-- Work order --
Exact copy, no pictures: reproduce every record below as it stands.

[Items listed in a dataset]
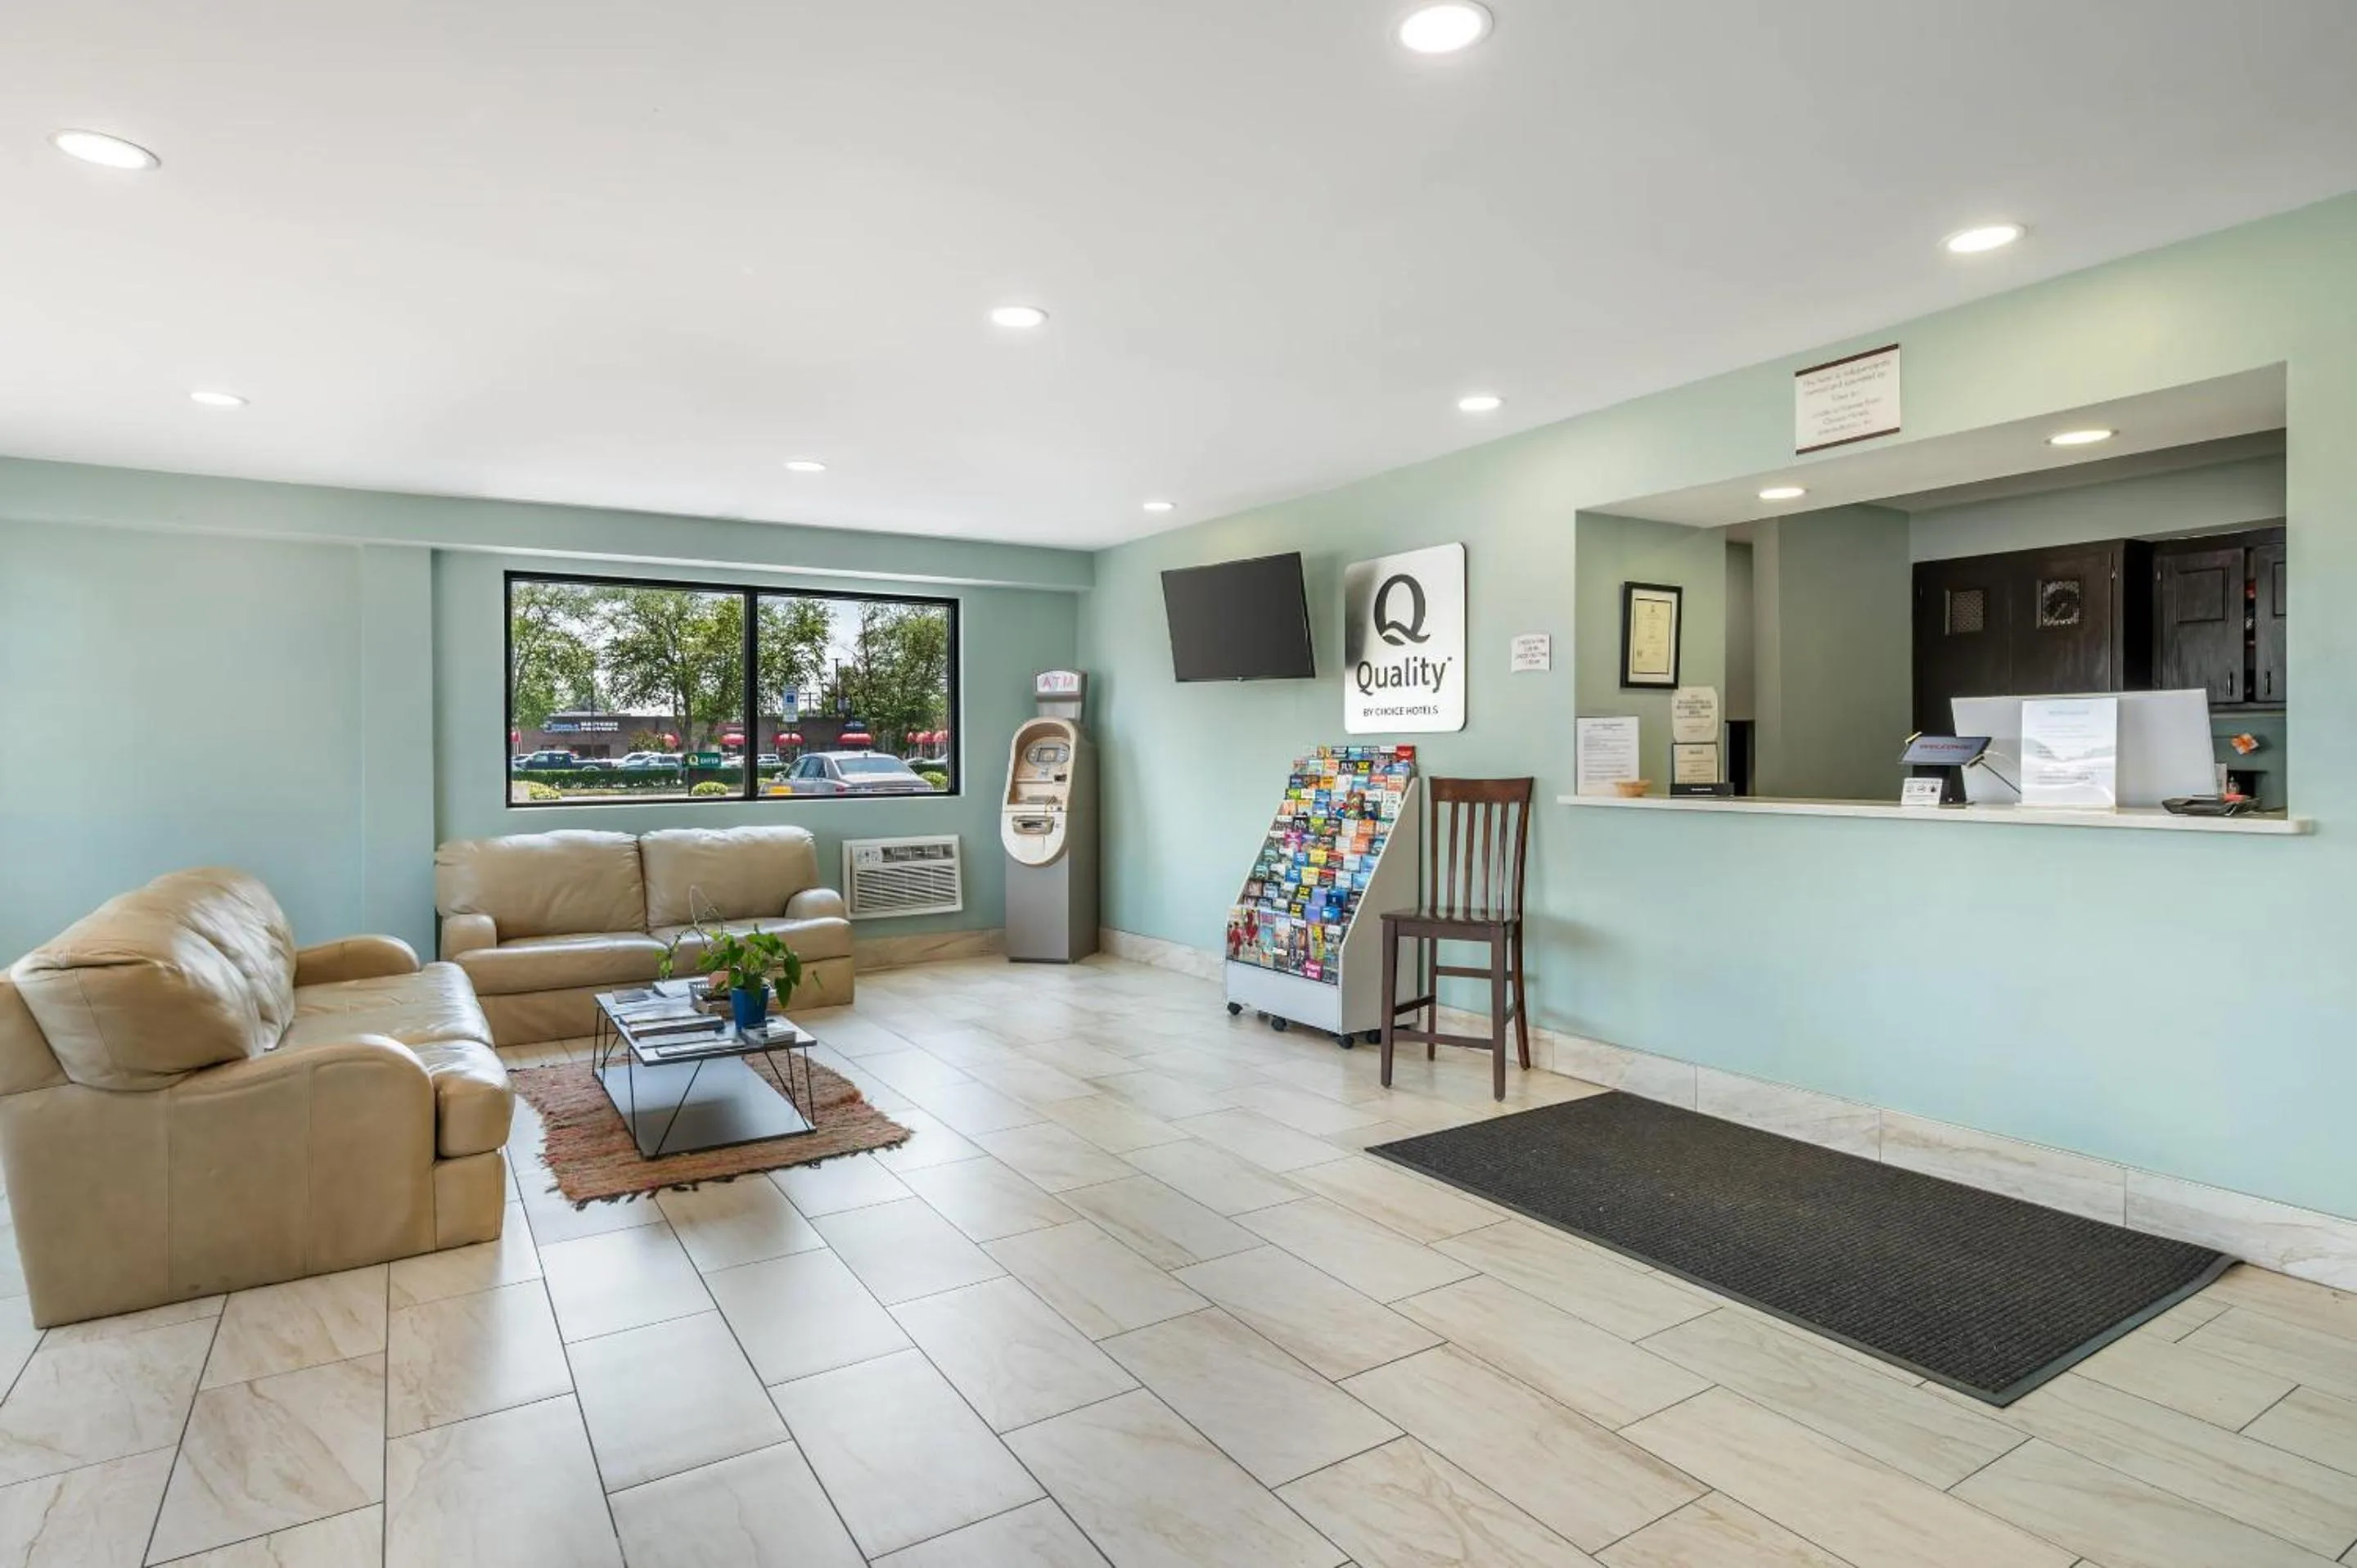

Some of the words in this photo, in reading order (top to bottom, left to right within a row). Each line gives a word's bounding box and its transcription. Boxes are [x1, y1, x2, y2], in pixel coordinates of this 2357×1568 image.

[1374, 574, 1431, 646] Q
[1043, 674, 1075, 689] ATM
[1357, 656, 1446, 696] Quality
[1363, 707, 1373, 717] BY
[1375, 706, 1404, 716] CHOICE
[1406, 705, 1439, 715] HOTELS
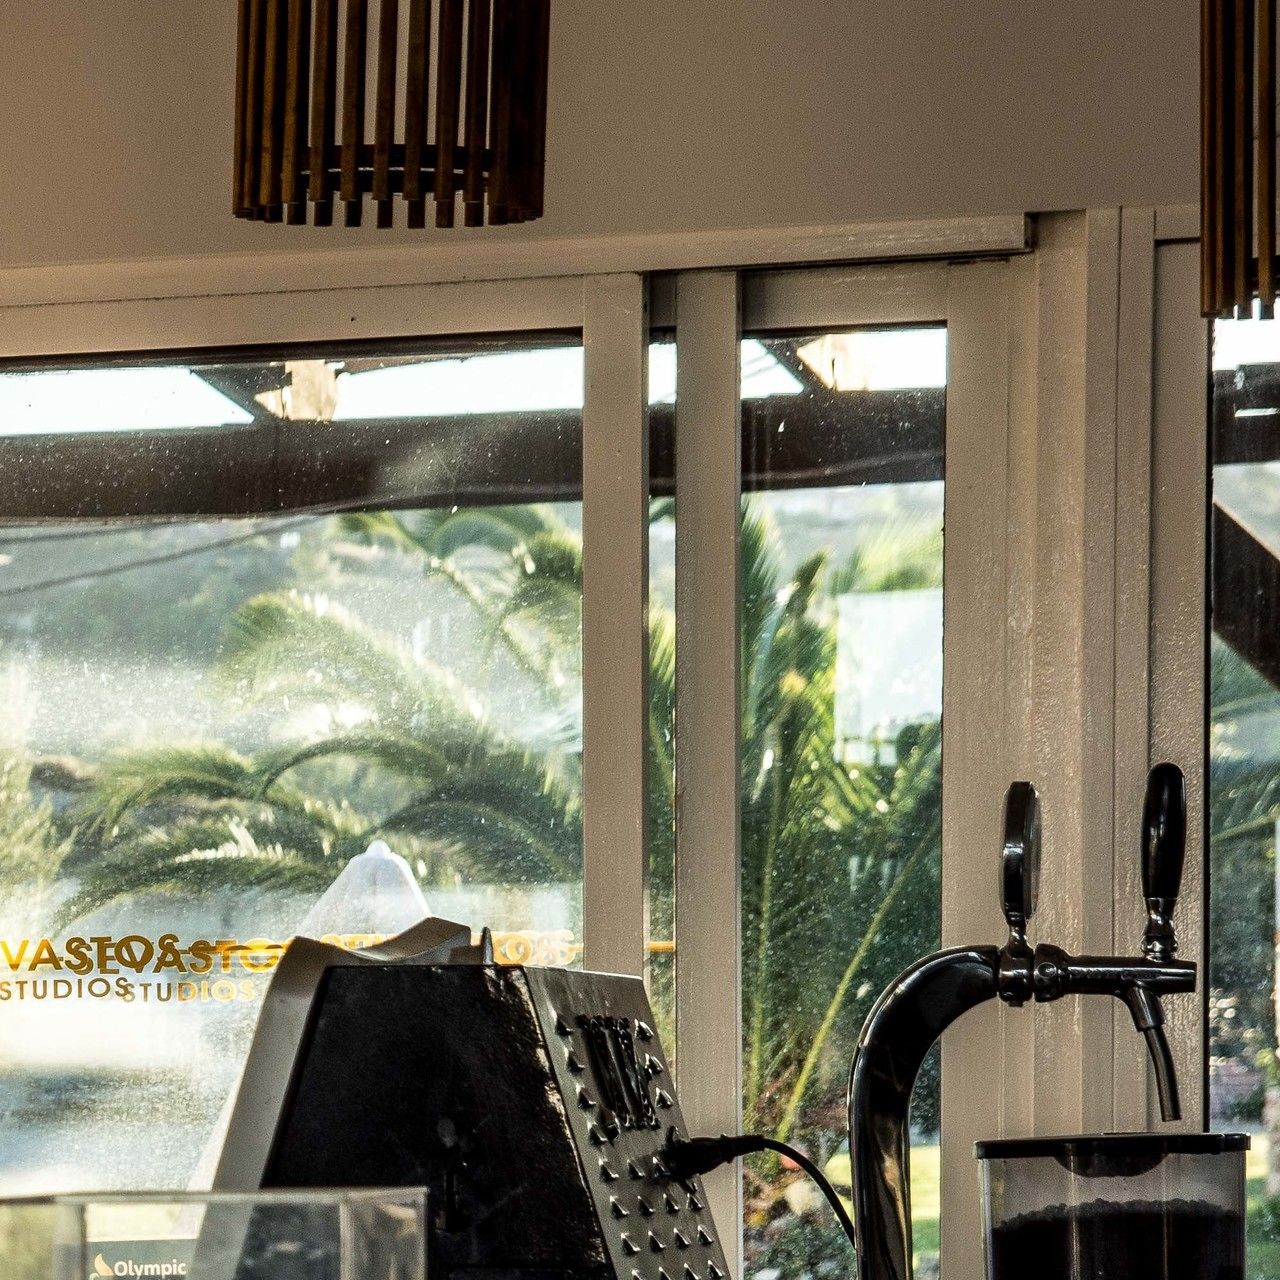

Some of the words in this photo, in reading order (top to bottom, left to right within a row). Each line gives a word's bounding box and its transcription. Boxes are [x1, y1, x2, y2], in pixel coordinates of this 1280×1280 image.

[73, 937, 294, 976] SEVASTO
[123, 979, 257, 1003] STUDIOS
[114, 1258, 187, 1280] Olympic

-- Result for this exercise --
Some of the words in this photo, in reading order (top to bottom, left to right within a row). Each line gives a word's bounding box and its transcription. Boxes are [x1, y1, x2, y2], in pixel coordinates of this 2357×1568 image.

[1374, 574, 1431, 646] Q
[1043, 674, 1075, 689] ATM
[1357, 656, 1446, 696] Quality
[1363, 707, 1373, 717] BY
[1375, 706, 1404, 716] CHOICE
[1406, 705, 1439, 715] HOTELS

Some of the words in this photo, in reading order (top to bottom, left to right within a row). Each line gives a word's bounding box and its transcription. Boxes are [x1, y1, x2, y2], in pixel coordinates of this 1280×1280 image.

[73, 937, 294, 976] SEVASTO
[123, 979, 257, 1003] STUDIOS
[114, 1258, 187, 1280] Olympic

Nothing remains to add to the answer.